Justine was dressed in jeans and a washed-out t-shirt. I assumed these were her own clothes – in the office she was always suited and booted, so the outfit was as alien to me as a hospital gown. I felt mildly ridiculous in my own navy suit, ridiculous and far too hot.
‘How are things at work?’ she asked.
‘The usual,’ I said. ‘Just the usual.’
A total lie. How could I tell her that ever since she’d stood on the top of the office building, too close to the edge in her office suit, no one could do anything but ask why.
‘I meant to go through with it,’ she said. ‘You know that, don’t you?’
The nurse came back with the flowers in a lurid yellow vase. She’d taken the silk ribbon off, and she handed it to me in a crumpled roll. The flowers seemed ordinary now, overwhelmed by their container.
Justine picked at one of the peony buds with a fingernail, peeling open the green to reveal a creased pink flower within.
‘I know people think it was only a miscarriage,’ she said, ‘but...’

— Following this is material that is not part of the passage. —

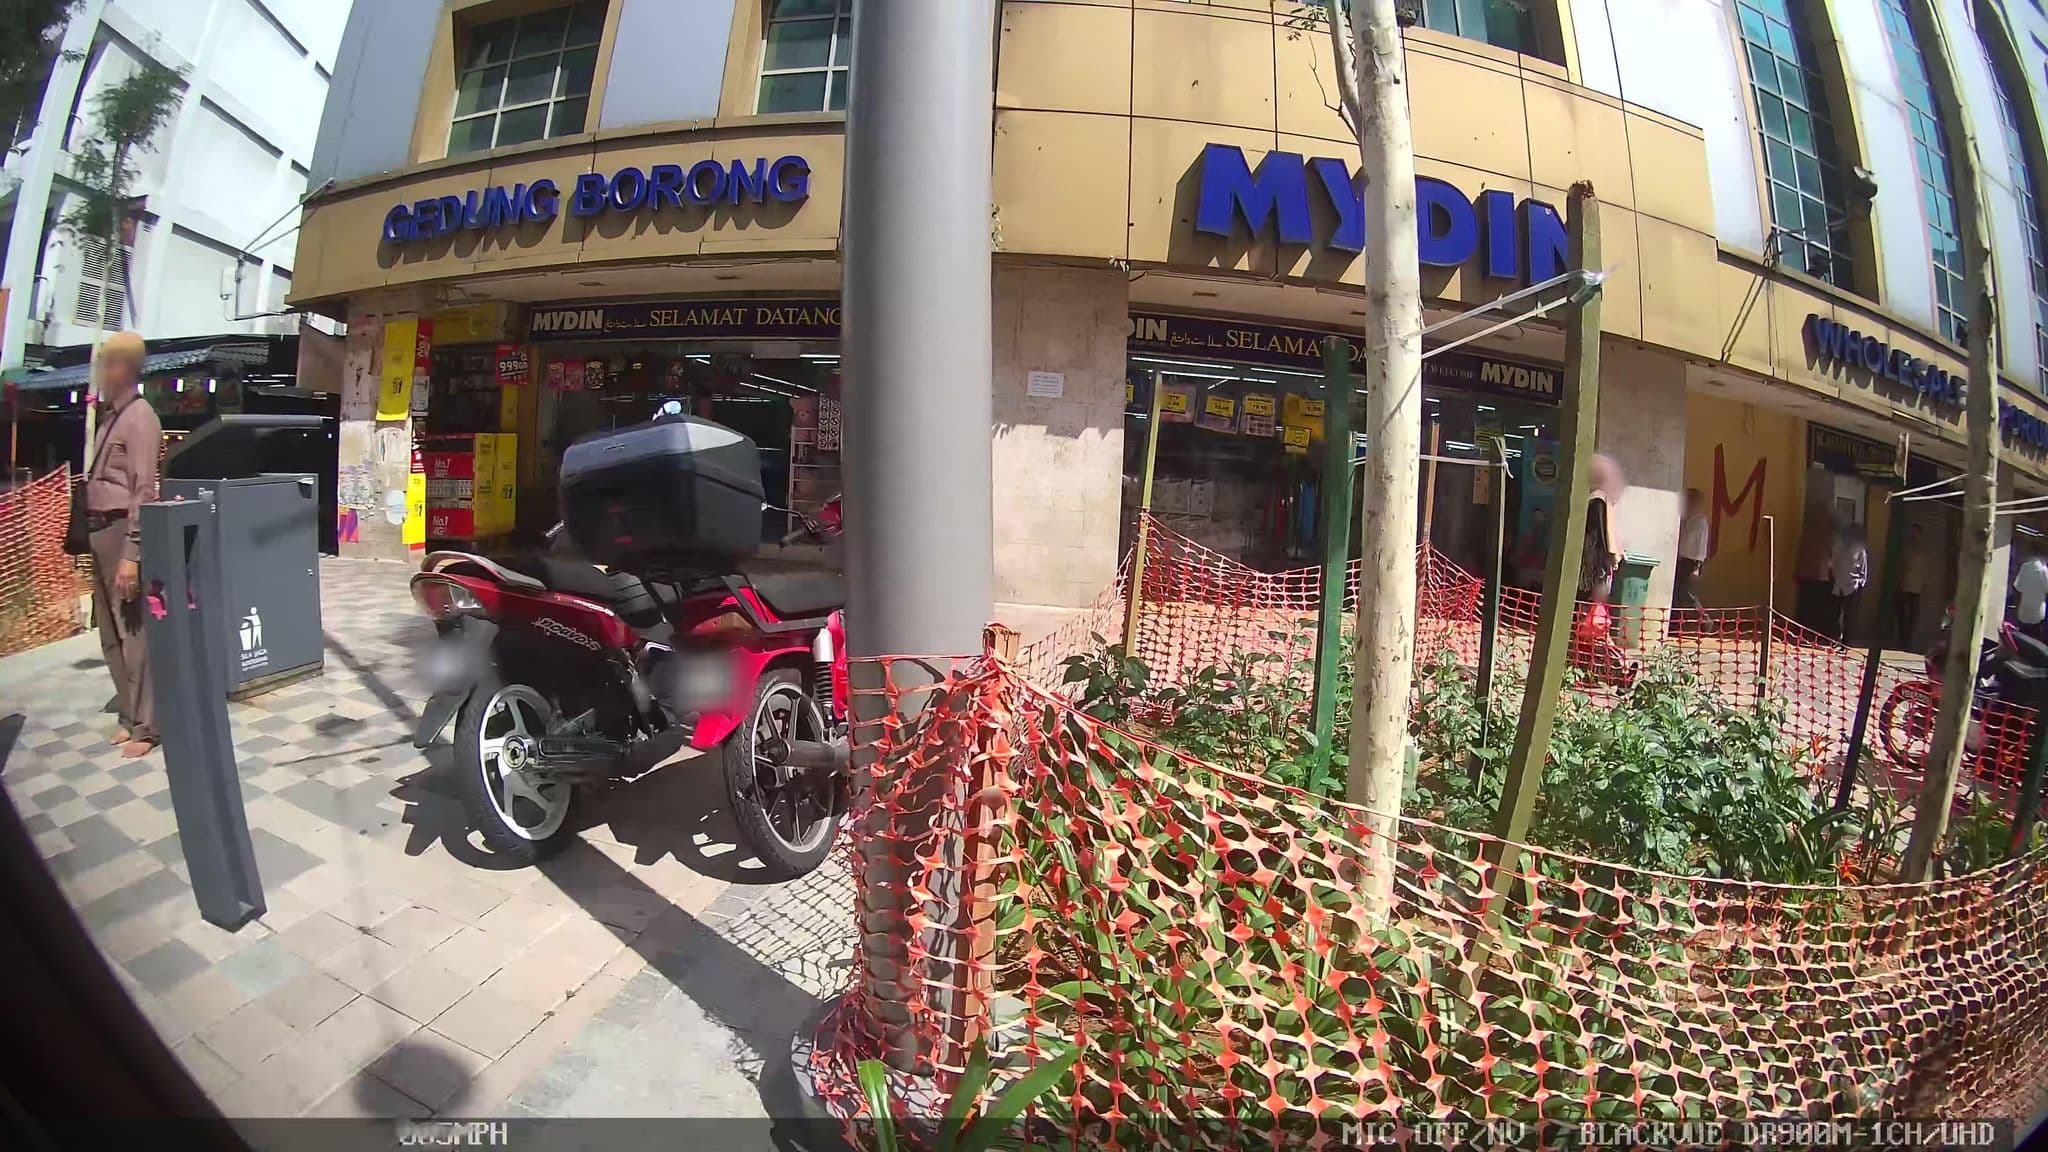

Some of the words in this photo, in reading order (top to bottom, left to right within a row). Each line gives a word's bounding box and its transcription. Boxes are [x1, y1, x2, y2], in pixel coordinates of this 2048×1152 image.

I’d been out to lunch and when I got back I’d seen her there teetering on the roof, facing the car park. A crowd had gathered, as if she could be kept from falling by force of collective will. Someone had to do more than stand around waiting for the rescue crew.
‘There was a buddleia growing on the fire escape,’ Justine said. ‘I wonder why you never get those in bouquets.’
I wrapped the ribbon tight round my wrist, thinking what I would say back in the office, what I could say now, trying to remember the way words had blossomed when I’d talked Justine down.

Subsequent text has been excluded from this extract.